◆ **REQUIREMENT**
Establish how many lines in the material include the string "Invigorating" and report it as a lone number.

◆ **EXCERPTED RECORDS**
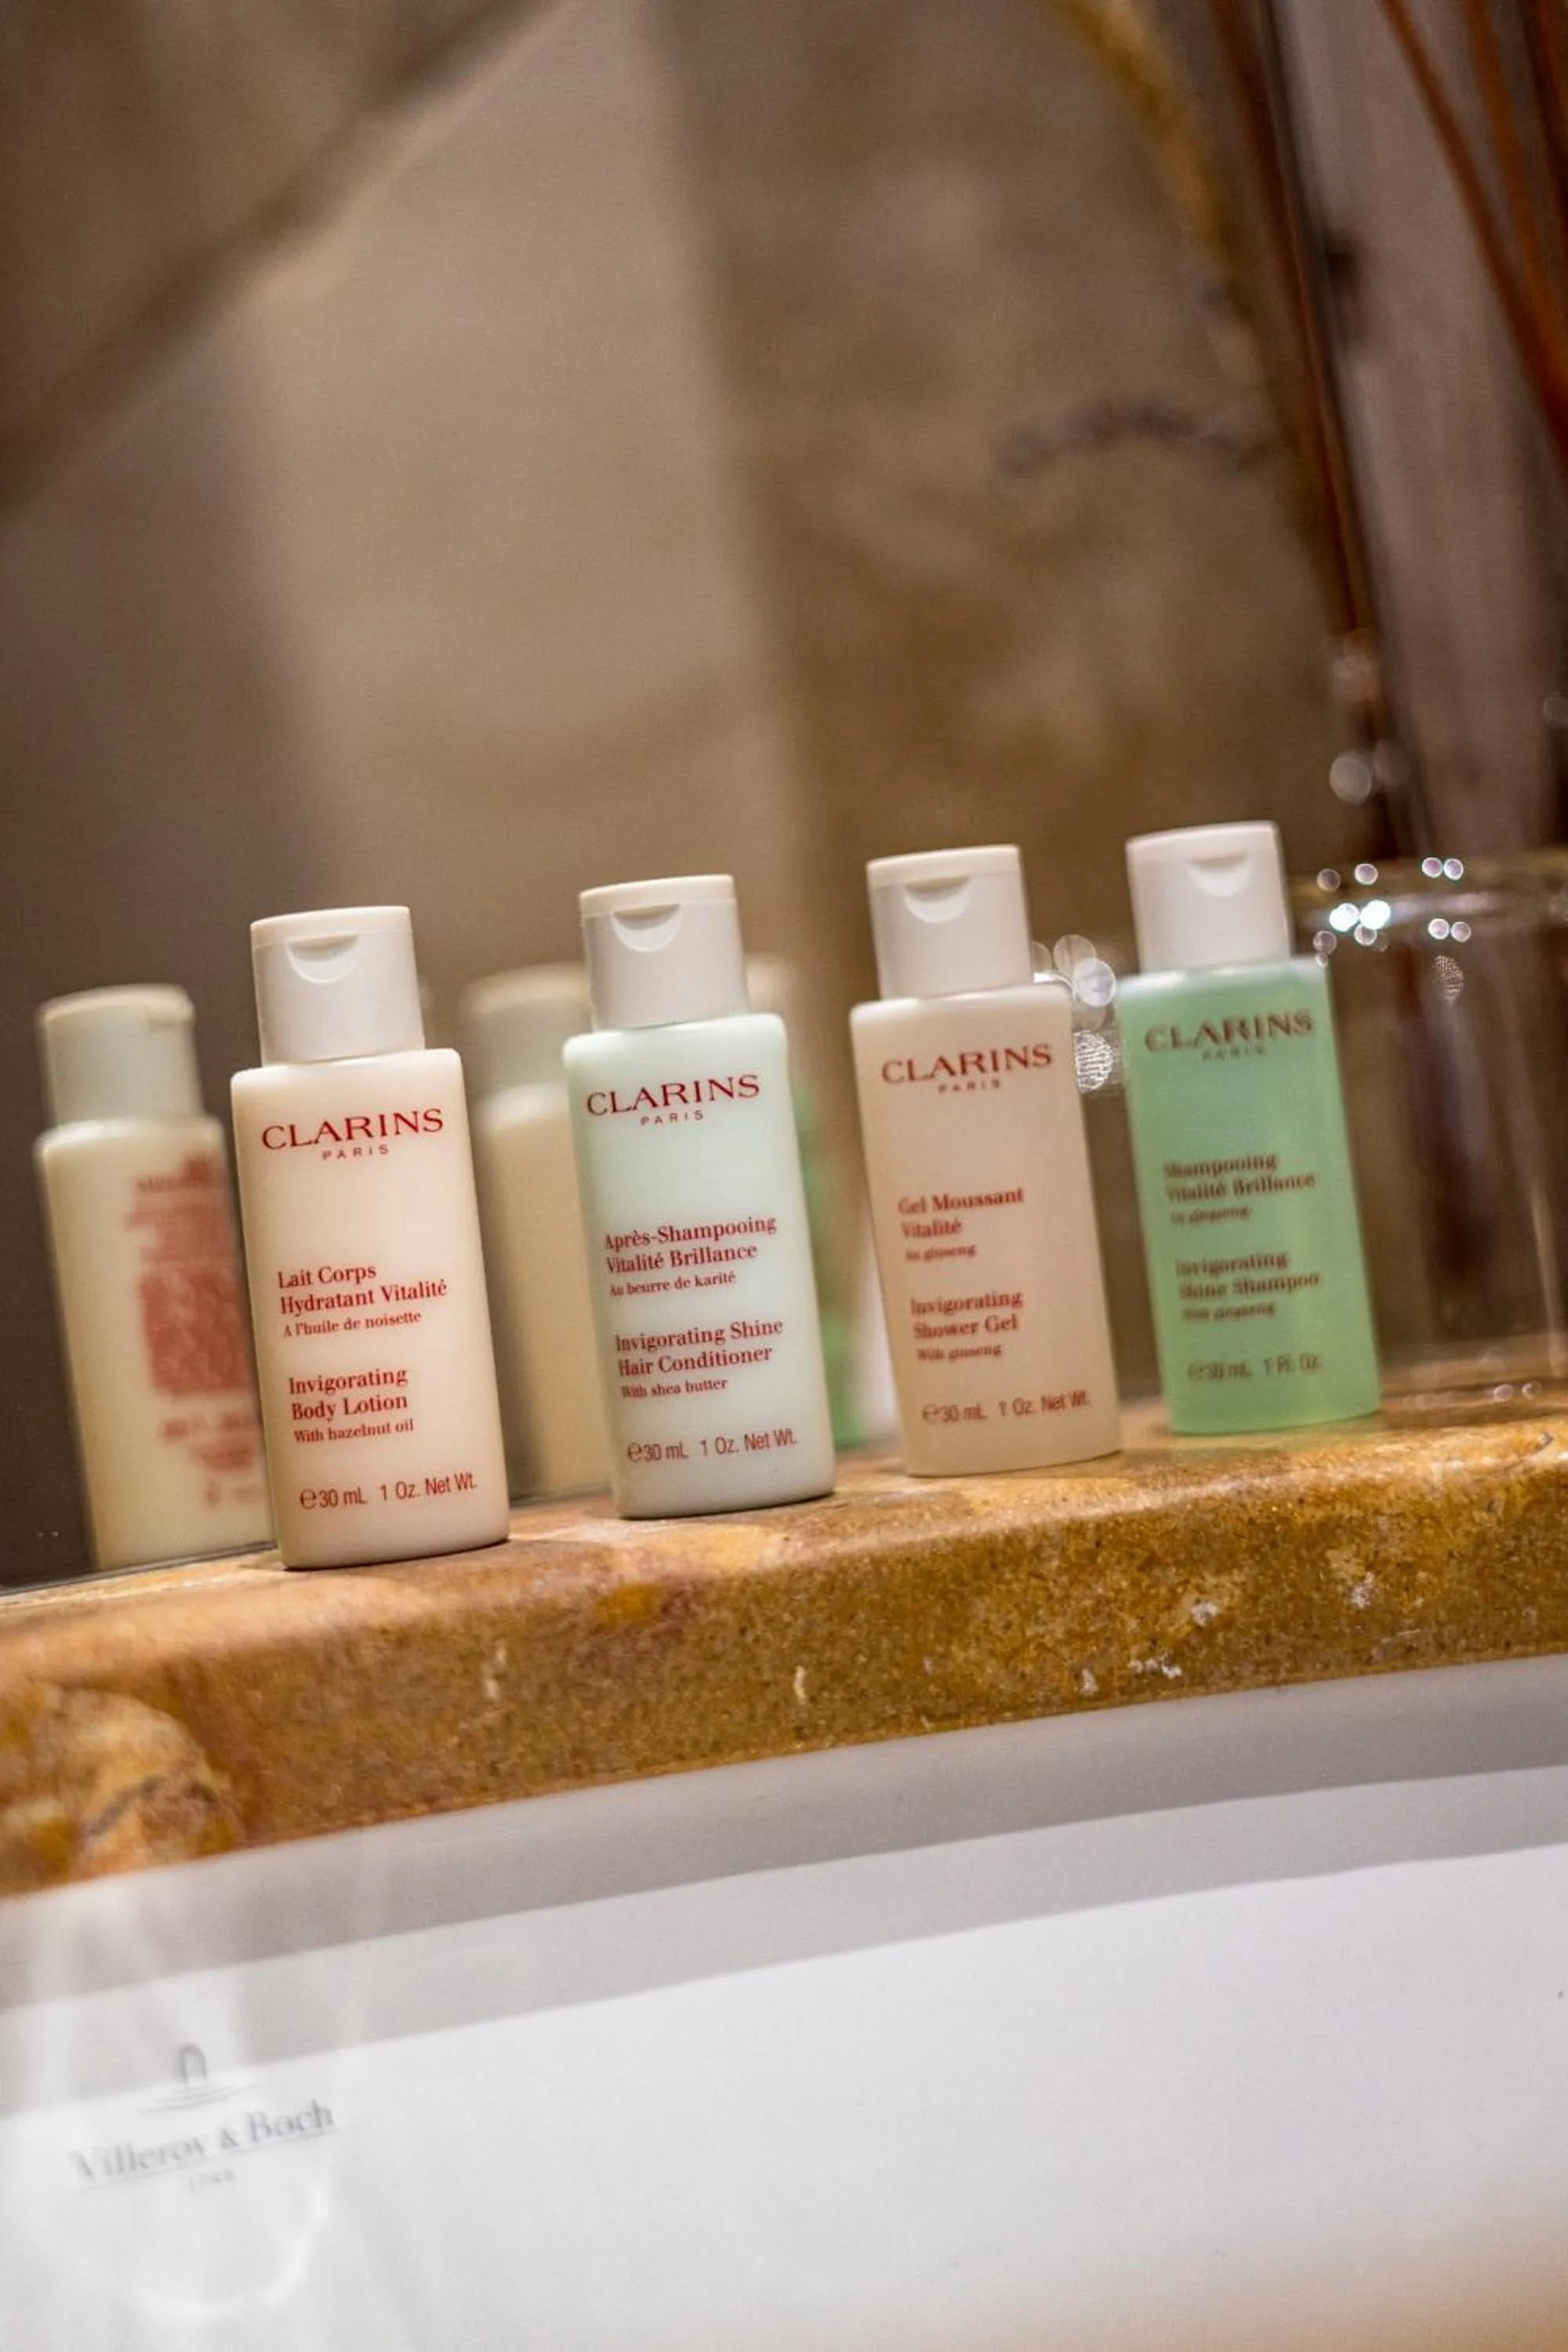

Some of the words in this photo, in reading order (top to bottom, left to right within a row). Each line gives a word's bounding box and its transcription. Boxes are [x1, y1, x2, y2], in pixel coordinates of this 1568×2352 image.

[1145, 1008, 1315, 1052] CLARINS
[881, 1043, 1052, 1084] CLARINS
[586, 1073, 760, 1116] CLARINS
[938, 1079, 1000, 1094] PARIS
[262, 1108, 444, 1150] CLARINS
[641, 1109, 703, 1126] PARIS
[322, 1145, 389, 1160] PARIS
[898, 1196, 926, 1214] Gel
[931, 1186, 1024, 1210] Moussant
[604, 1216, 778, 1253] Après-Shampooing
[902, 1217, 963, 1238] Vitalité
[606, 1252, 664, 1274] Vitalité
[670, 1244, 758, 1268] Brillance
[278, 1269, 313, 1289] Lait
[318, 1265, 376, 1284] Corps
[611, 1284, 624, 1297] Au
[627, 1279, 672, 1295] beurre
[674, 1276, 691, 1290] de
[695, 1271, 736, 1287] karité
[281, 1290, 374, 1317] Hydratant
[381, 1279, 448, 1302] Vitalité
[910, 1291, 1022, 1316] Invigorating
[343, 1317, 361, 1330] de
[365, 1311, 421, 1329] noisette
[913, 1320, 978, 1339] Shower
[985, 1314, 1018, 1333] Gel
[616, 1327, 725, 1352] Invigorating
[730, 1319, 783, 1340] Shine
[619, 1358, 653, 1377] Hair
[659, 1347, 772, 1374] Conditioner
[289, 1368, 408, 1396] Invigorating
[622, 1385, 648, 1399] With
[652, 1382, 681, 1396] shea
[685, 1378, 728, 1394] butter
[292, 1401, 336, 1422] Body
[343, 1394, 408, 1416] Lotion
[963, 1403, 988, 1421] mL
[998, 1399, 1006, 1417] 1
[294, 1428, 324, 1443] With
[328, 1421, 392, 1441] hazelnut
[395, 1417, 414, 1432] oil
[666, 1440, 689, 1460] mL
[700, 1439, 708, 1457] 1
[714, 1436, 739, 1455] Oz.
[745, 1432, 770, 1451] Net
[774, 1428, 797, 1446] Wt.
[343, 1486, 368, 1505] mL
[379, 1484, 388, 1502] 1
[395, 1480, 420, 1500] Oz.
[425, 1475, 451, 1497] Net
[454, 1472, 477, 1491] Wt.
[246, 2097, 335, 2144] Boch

◆ **ANSWER TO THE EXERCISE**
3